A McCain administration could try to push through a radical change to the GSEs, but that would need to get through the Democrats in congress, and it is difficult to see that happening.

At the crux of the matter is housing and the economy. With mortgage default rates rising, markets have been losing confidence in the viability of Fannie Mae and Freddie Mac, government-sponsored enterprises that buy mortgages from lenders and hold them or securitise and sell them on to investors. As demand for their paper diminishes, the cost of mortgages rises, putting more pressure on the housing market.

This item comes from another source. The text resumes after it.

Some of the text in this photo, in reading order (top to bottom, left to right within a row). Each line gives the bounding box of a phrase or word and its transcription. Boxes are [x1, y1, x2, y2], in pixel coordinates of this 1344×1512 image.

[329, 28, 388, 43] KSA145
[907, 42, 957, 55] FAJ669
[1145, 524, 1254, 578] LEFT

In recent months, foreign investors in particular have been shunning securities in both agencies, long viewed as nearly as safe as US treasury debt due to an implied government backing. Many investors believe the picture for the agencies could worsen with their third-quarter financial reports in the coming weeks, which are likely to show increasing credit losses and delinquencies from subprime and near-prime "Alt-A" loans.

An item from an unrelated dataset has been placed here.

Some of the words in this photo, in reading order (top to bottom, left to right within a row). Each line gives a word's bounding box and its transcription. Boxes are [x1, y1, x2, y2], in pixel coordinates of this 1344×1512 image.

Also, Fannie and Freddie are scheduled to roll over some $500 million (€360 million) in debt by the end of the month. That could go badly if markets lack confidence in the two institutions.

Despite this latest rescue plan, the US economy and financial system is not out of the woods yet. The Bush administration's willingness to pull out all the stops to support the financial system and the housing market was never really in doubt. Instead, this latest bailout underlines the fact that the crisis is lasting much longer (and is much more severe) than had been generally expected. It may simply shift the spotlight to those mortgage market participants not considered "too big to fail".

The bottom line is that the US housing slump will continue. Mortgage availability and affordability may well improve a little, but shrinkages in bank capital will leave them reluctant to lend and higher government bond yields will not help.

Indeed, ever since the credit crisis began the US government has been increasing its funding of the mortgage market by hundreds of billions of dollars via the 12 Federal Home Loan banks.

And financing is only one dimension of the housing slump. The massive overhang of unsold property and deteriorating economic fundamentals will maintain downward pressure on house prices. The worst-case scenario should be avoided, but the US economy is likely to contract in the second half of the year and grow below par in 2009.

One of the most interesting developments in the aftermath of the US bailout was the rally in the dollar. Some investors feared that the implied increase in the US federal budget deficit as a result of the rescue plan would weaken the greenback. Instead the dollar rallied, mainly on the view that US authorities were at least trying to do something to sort out the financial crisis and the economy.

The same cannot be said of the euro zone. Although it may have started in the US, the credit crunch is now a global event and the difficulties for Fannie and Freddie are a symptom of the crisis not the cause.

Despite increasing danger of recession, the European Central Bank refuses to cut interest rates as long as inflation risks becoming invasive. All this indicates, as ECB president Jean-Claude Trichet admitted in the past week, that the crisis could get worse in the euro zone.

This does not augur well for the Irish economy or Irish financial shares. Good reason, then, for the Government to take the initiative and unveil a fiscal stimulus package in next month's budget to try and kick-start activity again.